There are clear advantages and disadvantages to using lineage extraction as a statistical sampling method when conducting a survey of the study population.
Lineage extraction: overview
Random sampling is simpler and easier than random sampling. It may also further facilitate coverage of a wide range of research areas. Lineage extraction, on the other hand, introduces any particular parameter into the data. This can cause certain patterns to appear over or under.
Phylogenetic extraction is popular with researchers because of its simplicity. Researchers generally assume that the results represent most normal populations unless random traits are disproportionately present in all “nth” data samples (this is unlikely). ).
First, the researcher chooses the starting integer that is the basis of the system. This number should be less than the overall population (for example, not every 500 yards to sample a 100-yard soccer field). After the number is selected, the researcher chooses the spacing or space between the samples in the population.
- Due to its simplicity, phylogenetic extraction is popular with researchers.
- Other advantages of this methodology include eliminating the phenomenon of clustered selection and reducing the likelihood of data pollution.
- Disadvantages include overrepresentation of certain patterns and increased risk of data manipulation.
Example of lineage extraction
Lineage extraction evenly distributes the selected data. For example, in a population of 10,000, statisticians may choose to sample every 100 people. The sampling interval can also be systematic, such as selecting one new sample every 12 hours.
Benefits of lineage extraction
The advantages of lineage extraction are as follows.
Easy to implement and understand
Lineage extraction is relatively easy to build, perform, compare, and understand. This is especially important for surveys and surveys that are run under tight budget constraints.
Process control and sensation
Systematic methods also provide researchers and statisticians with a sense of control and process. This can be particularly useful for studies using strict parameters or narrowly formed hypotheses, assuming that sampling is reasonably constructed to fit specific parameters.

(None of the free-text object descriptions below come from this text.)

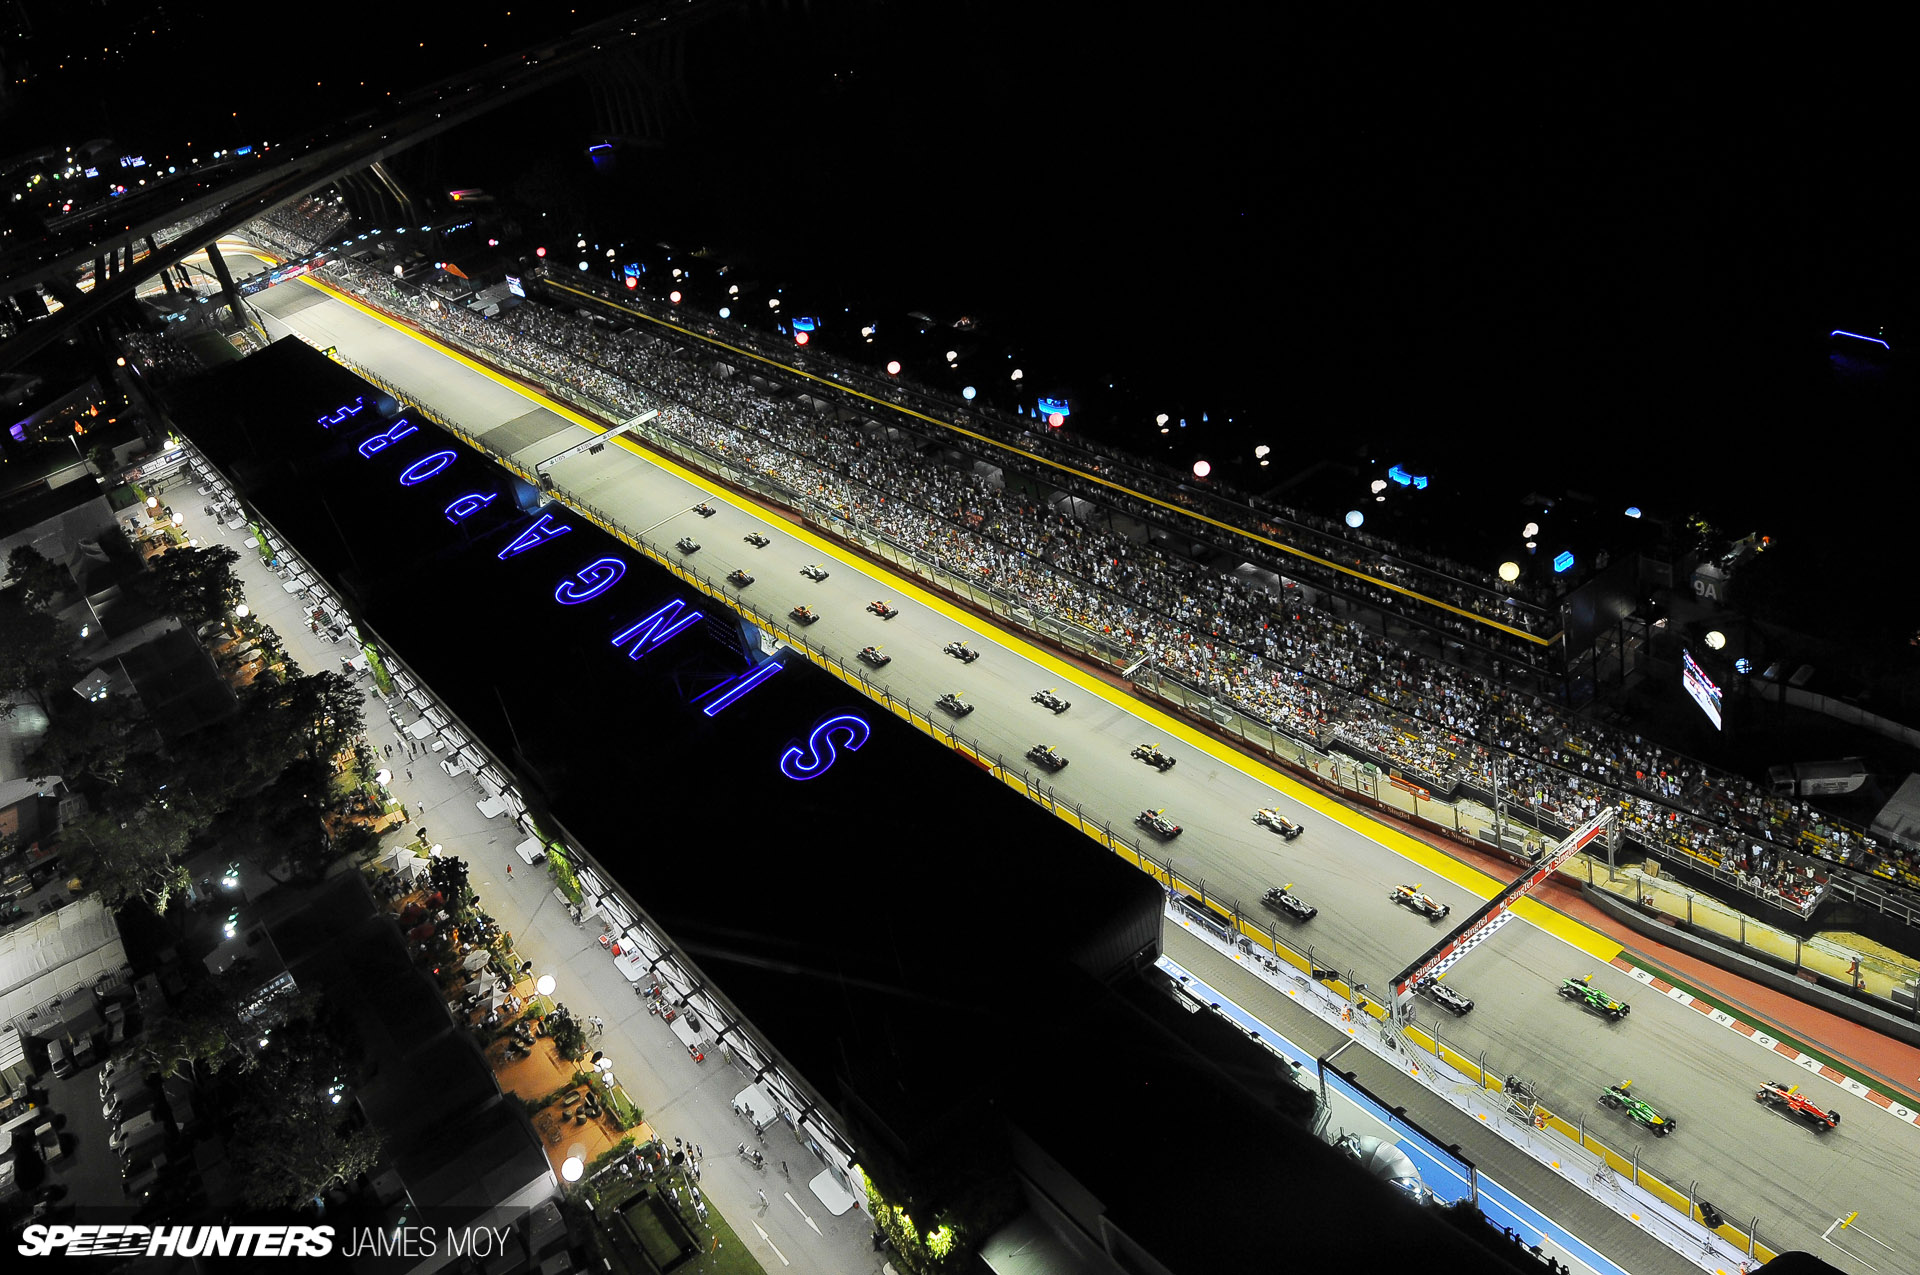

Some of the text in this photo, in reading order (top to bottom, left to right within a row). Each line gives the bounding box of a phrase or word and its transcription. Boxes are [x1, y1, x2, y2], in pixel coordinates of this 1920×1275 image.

[1694, 580, 1717, 600] 9A
[1554, 842, 1578, 867] SingTel
[1509, 879, 1534, 903] SingTel
[1463, 915, 1488, 940] SingTel
[1415, 953, 1441, 980] SingTel
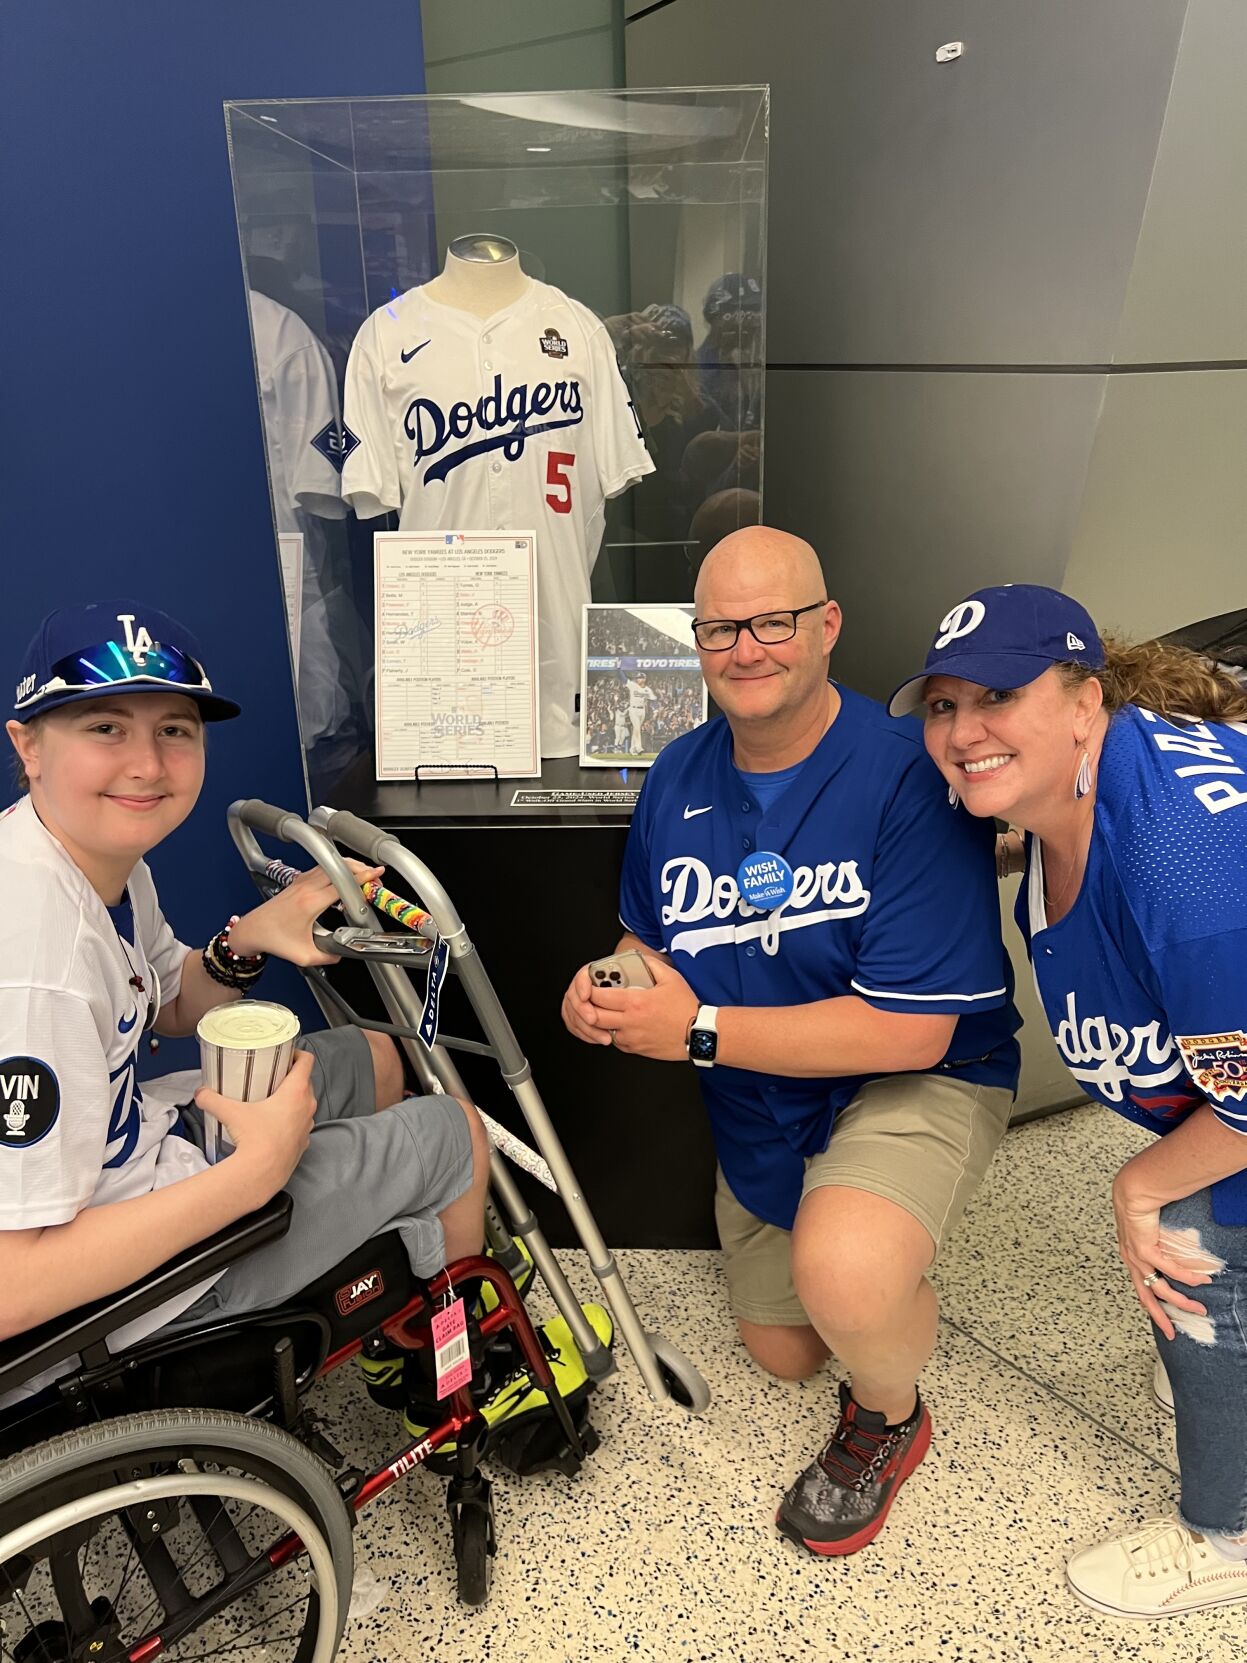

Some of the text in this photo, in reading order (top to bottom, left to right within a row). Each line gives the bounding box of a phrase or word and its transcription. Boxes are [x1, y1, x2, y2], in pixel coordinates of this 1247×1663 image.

[404, 374, 584, 487] Dodgers
[546, 451, 576, 513] 5
[116, 614, 154, 668] LA
[636, 659, 668, 668] TOYO
[668, 659, 701, 668] TIRES
[431, 713, 482, 726] WORLD
[433, 725, 485, 737] SERIES
[744, 859, 778, 877] WISH
[743, 869, 785, 889] FAMILY
[428, 971, 438, 1021] DELTA
[1212, 1060, 1244, 1081] 50
[0, 1074, 40, 1100] VIN
[350, 1275, 377, 1299] JAY
[435, 1328, 453, 1344] CLAIM
[442, 1320, 456, 1333] GATE

Clustered selections have been eliminated
Cluster selection is a rare phenomenon in which randomly selected samples approach within a population and is excluded by lineage extraction. Random samples can only be addressed by increasing the number of samples or performing multiple surveys. These can be expensive alternatives.
Low risk factor
Perhaps the greatest strength of the systematic approach is its low-risk factor. The main potential drawback of the system is that it is clearly less likely to pollute the data.

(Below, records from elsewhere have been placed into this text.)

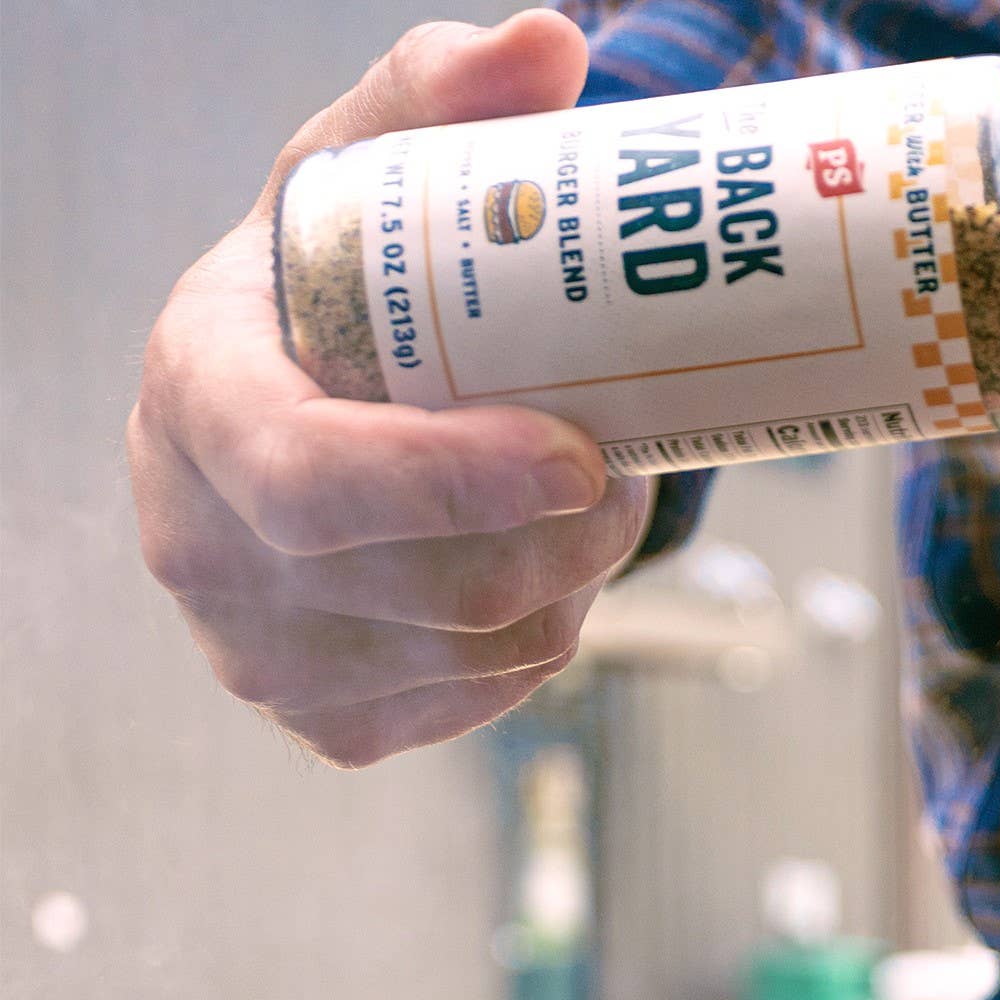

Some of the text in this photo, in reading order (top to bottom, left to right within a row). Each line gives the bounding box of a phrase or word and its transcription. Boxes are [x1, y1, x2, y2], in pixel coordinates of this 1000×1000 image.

[382, 161, 406, 188] WT
[818, 147, 853, 188] PS
[381, 194, 406, 235] 7.5
[457, 199, 472, 244] SALT
[556, 130, 589, 304] BURGER BLEND
[616, 111, 710, 298] YARD
[715, 145, 785, 285] BACK
[383, 244, 406, 278] OZ
[906, 187, 939, 295] BUTTER
[459, 258, 482, 319] BUTTER
[383, 286, 423, 371] (213g)
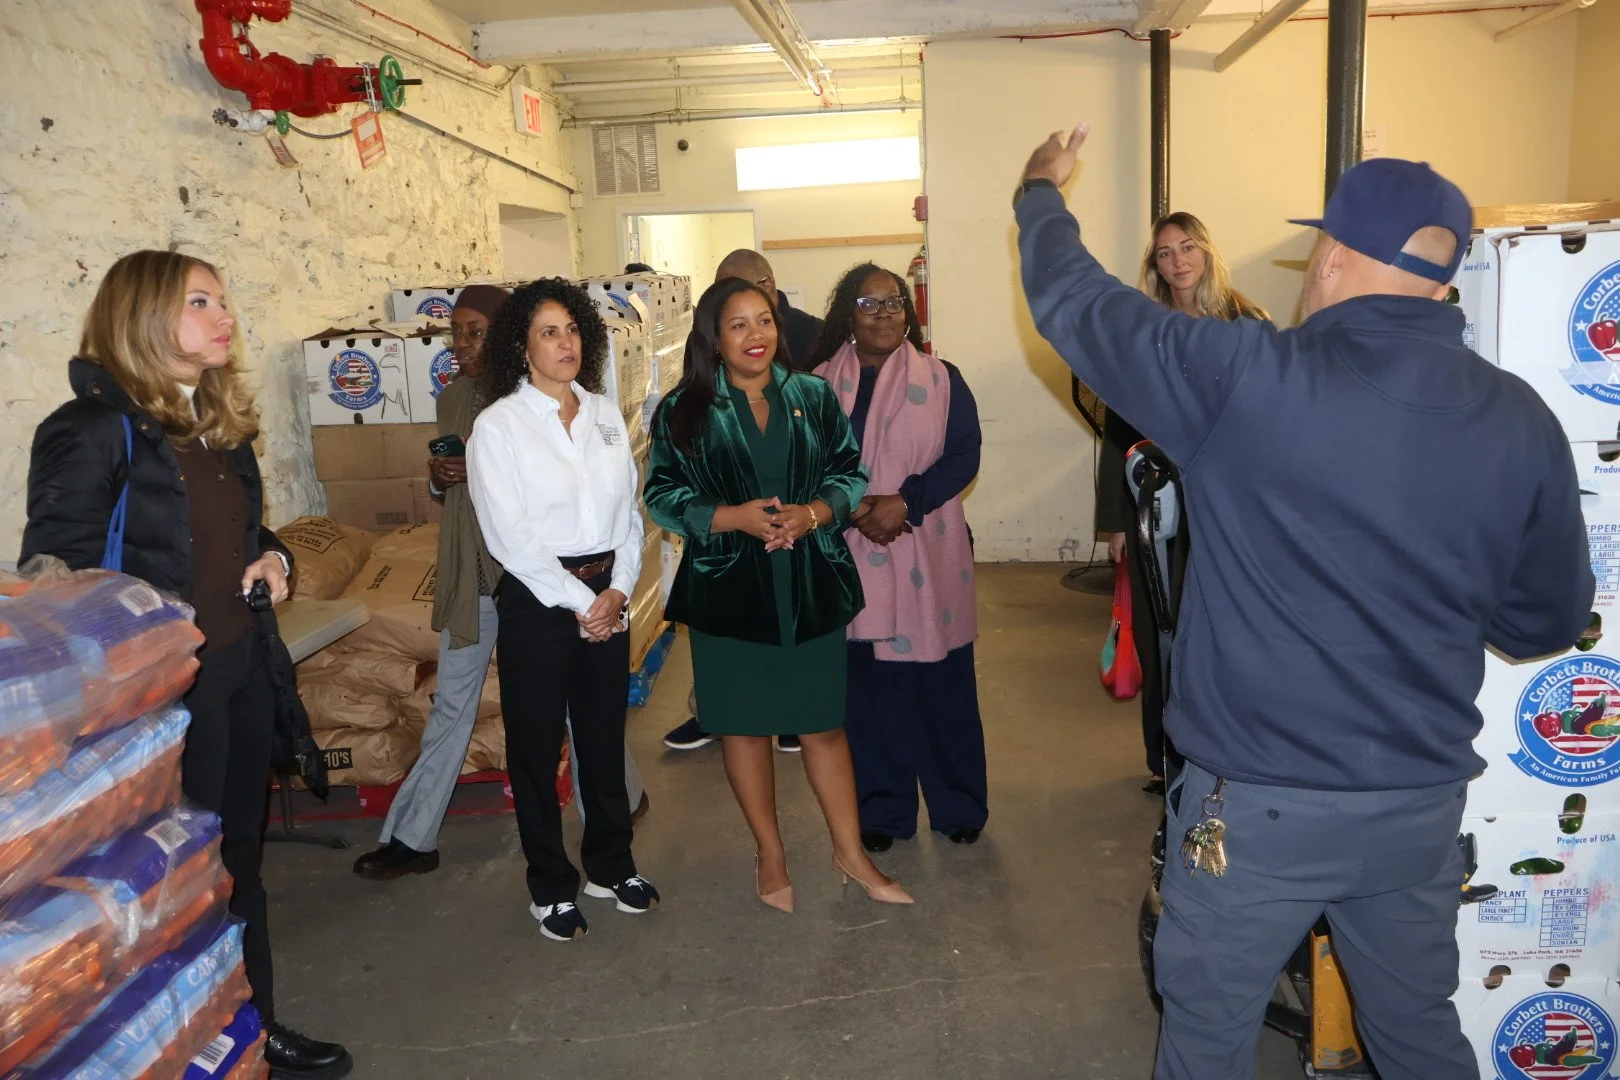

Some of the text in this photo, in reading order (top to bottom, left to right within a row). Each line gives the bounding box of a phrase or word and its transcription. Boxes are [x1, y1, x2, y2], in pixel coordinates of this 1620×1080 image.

[523, 93, 542, 134] EXIT
[1529, 664, 1576, 703] Corbett
[1552, 754, 1606, 770] Farms
[1530, 762, 1540, 772] An
[1540, 769, 1578, 783] American
[1580, 773, 1608, 783] Family
[1556, 834, 1616, 844] Produce of USA
[1494, 890, 1527, 898] PLANT
[1543, 887, 1589, 897] PEPPERS
[1504, 998, 1605, 1037] Corbett Brothers

Disadvantages of lineage extraction
This method of investigation also has its drawbacks.
Suppose you can determine the size of the population
The systematic method assumes that the size of the population is available or can be reasonably estimated. For example, a researcher wants to study the size of a rat in a particular area. If you do not know the number of rats, you cannot systematically choose the size of the starting point or spacing.
The need for natural randomness
The population should show a natural degree of randomness along the selected metric. If the population has a standardized pattern type, the risk of misselecting a very common case becomes more apparent.
As a simple hypothetical situation, consider a list of favorite breeds (intentionally or accidentally) where all even-numbered dogs on the list are small and all odd-numbered dogs are large. If the systematic sampler starts with the 4th dog and chooses an interval of 6 dogs, the study will skip the large dogs.
High risk of data manipulation
Researchers are at high risk of data manipulation by phylogenetic extraction because they may be able to build systems to increase the likelihood of achieving the desired results, rather than having random data generate representative answers. Become. The resulting statistics were unreliable.